Retooling Comes Naturally to This Software Exec
By Andrew Park
As a teenager in Nashville, Ron Harris loved motorcycles. So much, he once rebuilt a Harley-Davidson in his bedroom. He even made fast friends with the local chapter of the Hell's Angels motorcycle gang, who recognized his talent for repair. "I could go into their clubhouse like I go into the supermarket," Harris says.
On a typical Saturday, his parents would look out on the driveway to find five Harley choppers waiting to be fixed, he recalls. Although he went on many a late-night ride, Harris never joined the gang. But in appreciation for getting their bikes back on the road, a Hell's Angel known as "Fat Charles" gave Harris a denim jacket that he still wears today.
These days, Harris looks to have the motors humming at Pervasive Software (PVSW ). In the mid-1990s, the Austin (Tex.) company grew rapidly by selling its database to software developers who needed to embed the program into their own applications for handling such tasks as corporate accounting, tracking customer shipments, or scheduling fleets of vehicles. By flying under the radar of database giants Oracle, IBM, and Microsoft, whose products were costly and too complicated to easily package with other software, Pervasive picked up more than 10,000 customers, from small, independent software providers to established tech companies like Novell and Great Plains Software.
BACK IN THE BLACK.
Still, the company ran off the road in 1998 when Harris, its longtime president and CEO, decided to pour tens of millions of dollars into designing software tools for the Web-development market and couldn't produce the sales that were expected. After a year-and-a-half of trying, the project was written off in July, 2000, with a $23.4 million loss. Harris offered to resign.
Good thing the board said no. A year later, Pervasive is back in the black, and its sales are poised to grow again. At a time when many software company executives are adrift in the downturn, Harris has pulled off an enviable turnaround. In the quarter that ended Mar. 31, the company earned a small profit after five losing quarters. And having landed Bank of New York, Mutual of Omaha, and WebMD as new customers, revenues are returning to their old levels.
Pervasive will lose money for this fiscal year, which ends June 30, but analyst Mark Murphy of First Albany Corp. expects the company to earn $2 million on $43.3 million in sales in its fiscal 2002, up from $42 million in fiscal 2001. "They've restored the confidence of their core constituency," says Carl Olofson, an analyst with International Data Corp.
Repair work still needs to be done.

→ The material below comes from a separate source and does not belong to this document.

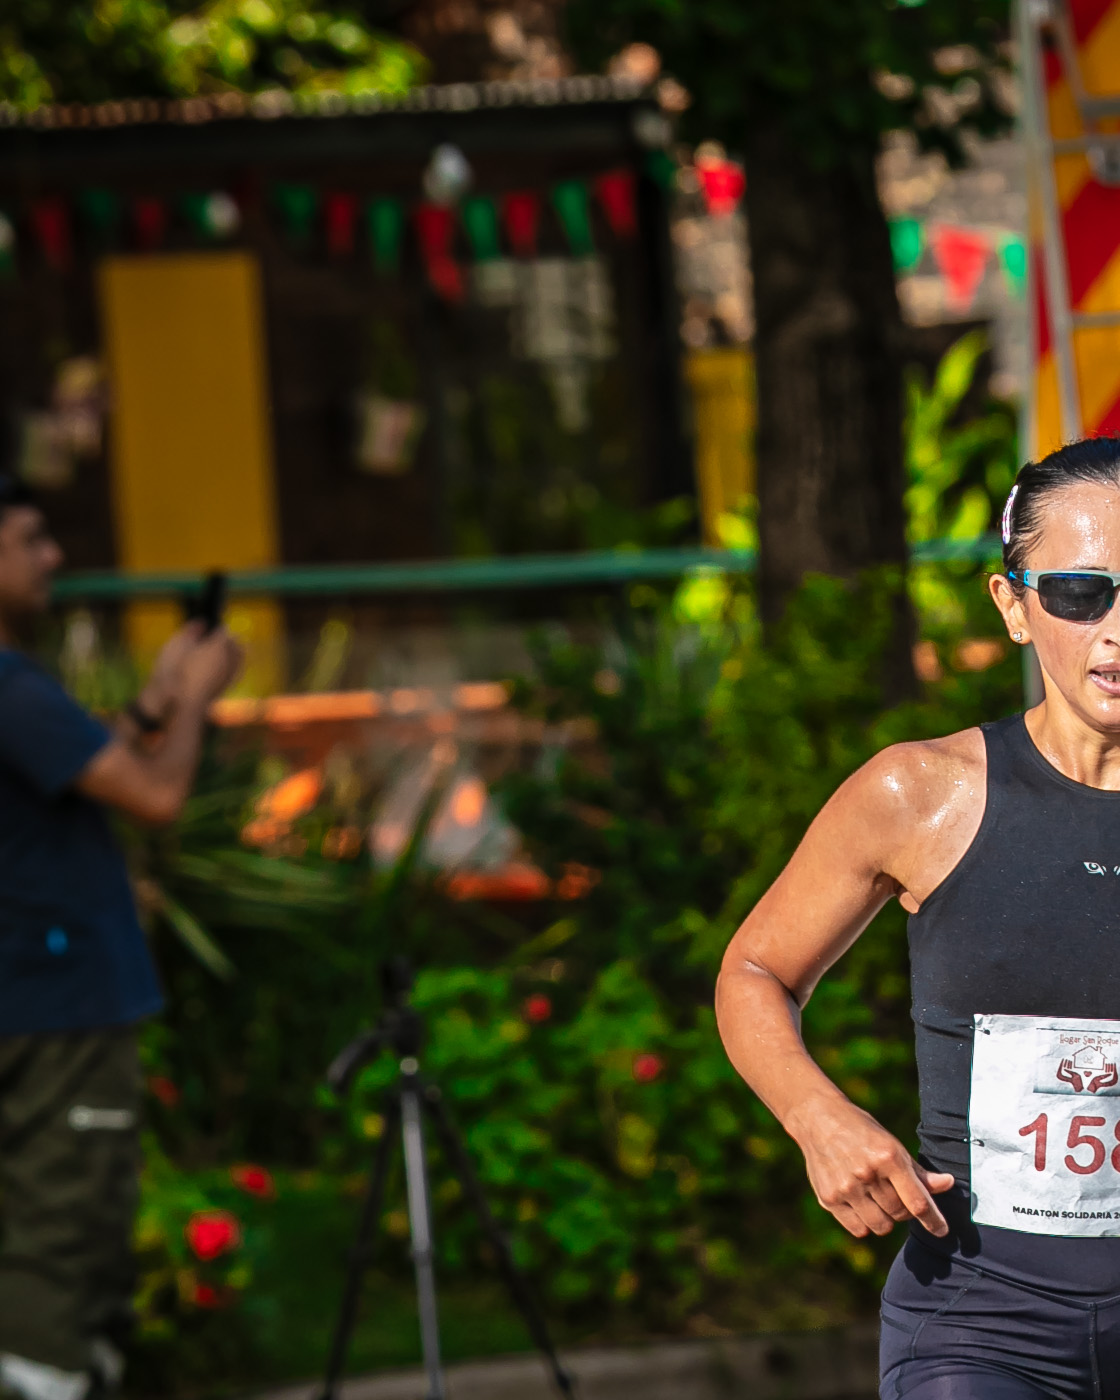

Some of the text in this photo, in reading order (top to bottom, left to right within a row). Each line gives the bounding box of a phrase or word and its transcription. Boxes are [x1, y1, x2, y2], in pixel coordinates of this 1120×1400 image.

[1060, 1034, 1119, 1046] Hogar San Roque
[1012, 1205, 1060, 1218] MARATON
[1061, 1211, 1112, 1219] SOLIDARIA

Pervasive's stock languishes below $2 a share. Just as before, the company needs to expand its product line. Only this time, Harris is making sure he doesn't jump headlong into new businesses. First, he's filling out the company's services group, which will boost revenues beyond software upgrades. Next, he's looking for ways to make Pervasive's databases an integral part of other Web software that small and midsize businesses are asking for.

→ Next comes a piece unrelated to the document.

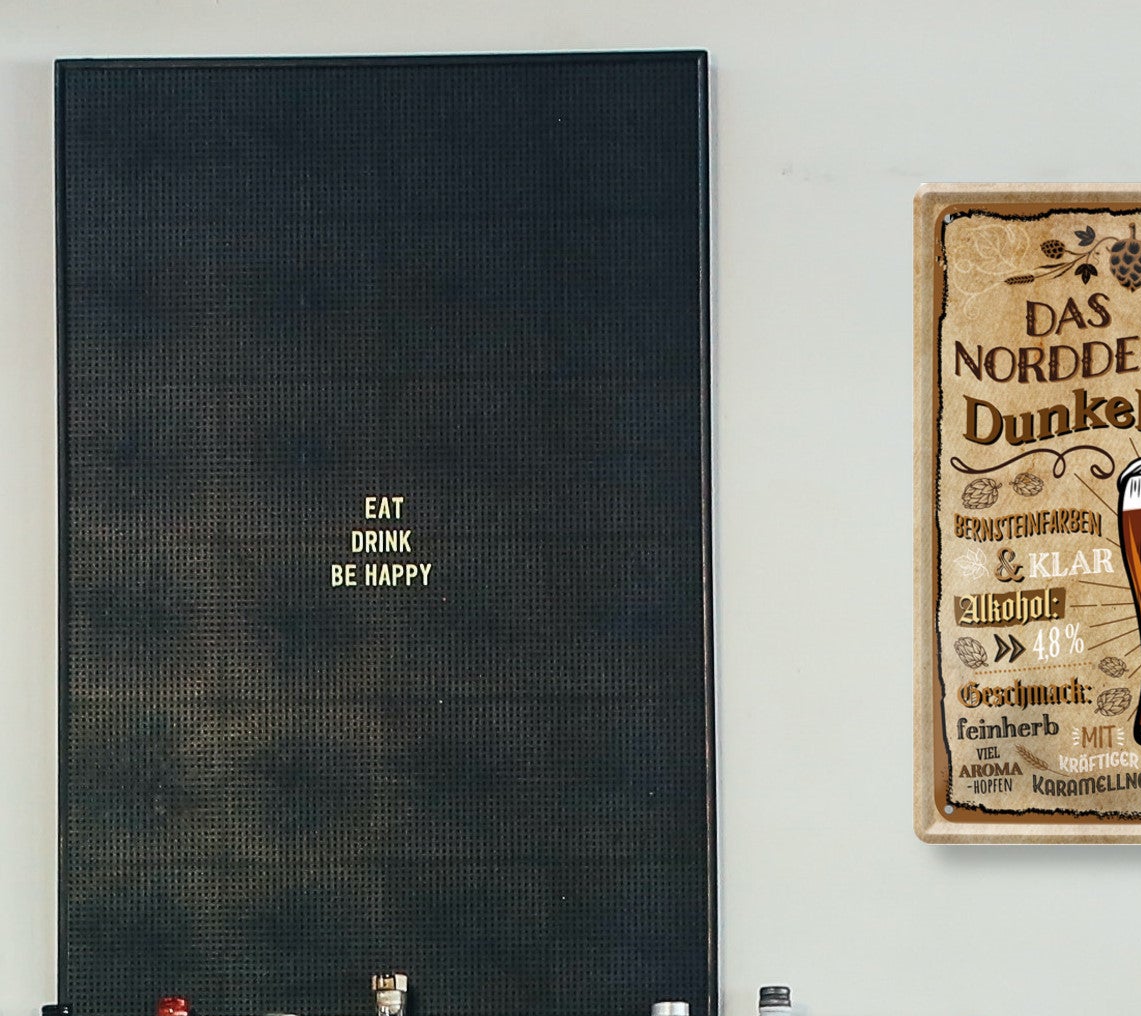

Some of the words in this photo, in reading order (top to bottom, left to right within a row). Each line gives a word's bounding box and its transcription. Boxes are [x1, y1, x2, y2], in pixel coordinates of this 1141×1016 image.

Increasingly, when Pervasive's customers are away from the office, they want to use mobile devices to get at their data-intensive applications over the Web. Pervasive must offer those capabilities but without losing its knack for simplicity and low cost, analysts warn. "You want to make sure you're going in the direction that your customer base is going in," Olofson says.

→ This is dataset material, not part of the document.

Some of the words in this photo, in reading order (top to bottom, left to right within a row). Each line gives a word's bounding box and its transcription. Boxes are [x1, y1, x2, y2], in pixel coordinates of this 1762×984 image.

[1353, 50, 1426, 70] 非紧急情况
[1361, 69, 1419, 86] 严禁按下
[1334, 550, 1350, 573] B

Harris has been heading in new directions his whole life. If you ask his friends, it was Harris' idea that they all sail a 56-foot yacht for a Caribbean vacation, even though none were experienced sailors. An hour after launching, a summer squall came bearing down on them with rain and high winds. So Harris took over and steered the ship to safety. Randy Kies, who met Harris on a beer-soaked tubing trip down a Central Texas river 20 years ago, says riding out bad storms comes naturally to his friend. "He feels like somebody has to make hard decisions, and he feels like he's the person to do it," says Kies, an Austin dentist.
While his family fretted over his love for fast machines, Harris excelled in school, graduated from Vanderbilt University with a degree in computer science and an MBA at the University of Texas at Austin. Harris cut his teeth programming at Texas Instruments. Later, he helped found server-software developer Citrix Systems (CTXS ), where he says he learned what it took to change direction when things go wrong.
Citrix, where Harris was a vice-president, got into deep trouble when Microsoft stopped work on the OS/2 operating system, which Citrix was using as the basis for the software it had developed. So Citrix ditched its OS/2 products to build Windows-based software, and sales took off.
Harris will surely need to make more tough calls down the road. Just as Pervasive has returned to profitability, tech spending has ground to a halt, and investors have grown less patient. But analysts say Pervasive shouldn't be afraid to venture into new markets and get beyond the database. If Harris can do that, Pervasive could be in for a heck of a ride.